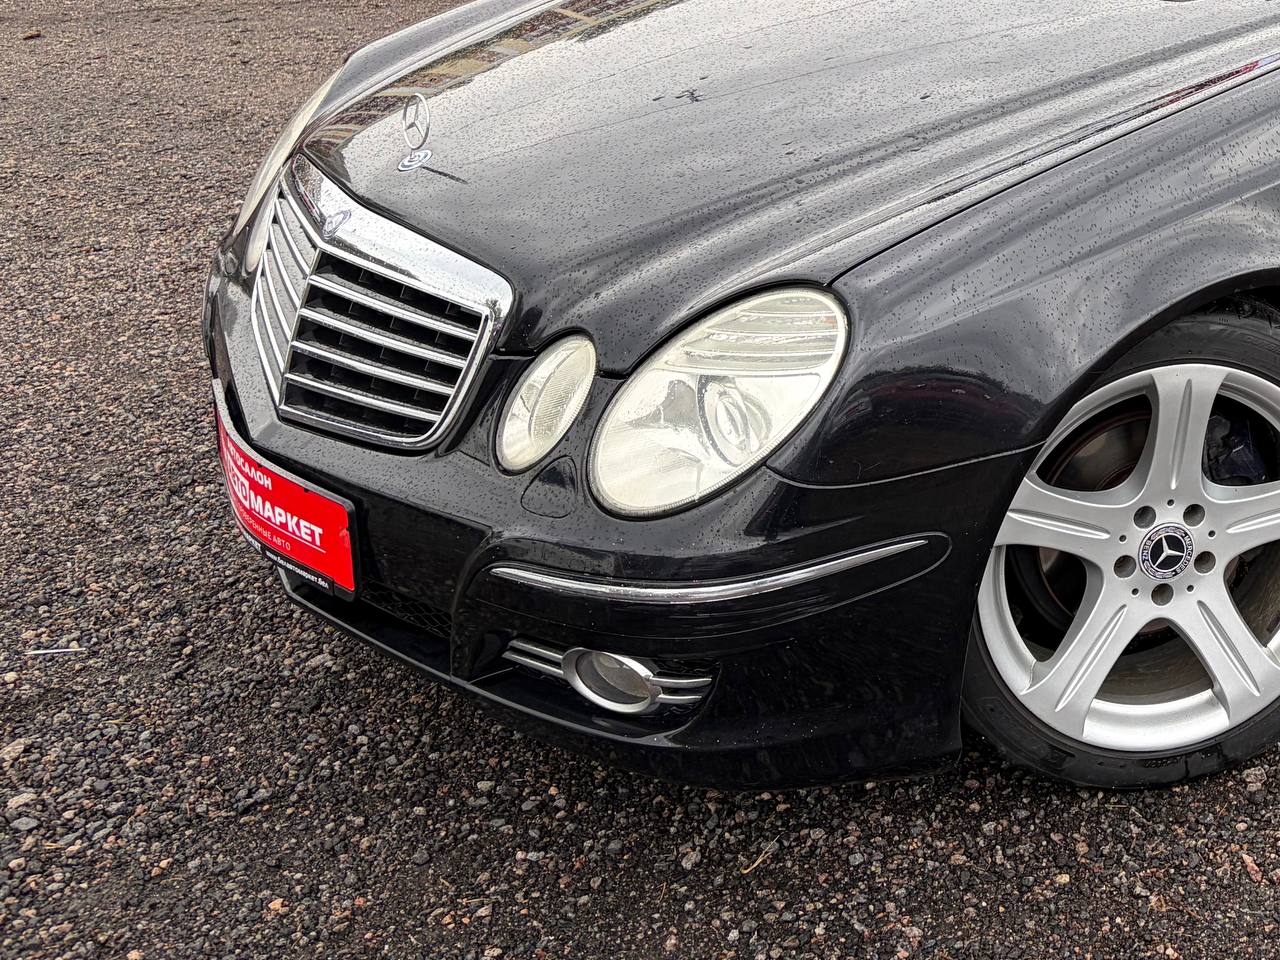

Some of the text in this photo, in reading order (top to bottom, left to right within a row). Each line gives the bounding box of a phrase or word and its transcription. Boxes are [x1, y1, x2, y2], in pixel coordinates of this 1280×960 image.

[249, 490, 323, 546] МАРКЕТ
[273, 535, 291, 551] АВТО
[1142, 540, 1152, 560] BENZ
[1176, 535, 1193, 573] MERCEDES

▶ _Aim of the task_: The records above should be reproduced exactly, with no pictures included.

▶ _Your solution_:
Some of the text in this photo, in reading order (top to bottom, left to right within a row). Each line gives the bounding box of a phrase or word and its transcription. Boxes are [x1, y1, x2, y2], in pixel coordinates of this 1280×960 image.

[249, 490, 323, 546] МАРКЕТ
[273, 535, 291, 551] АВТО
[1142, 540, 1152, 560] BENZ
[1176, 535, 1193, 573] MERCEDES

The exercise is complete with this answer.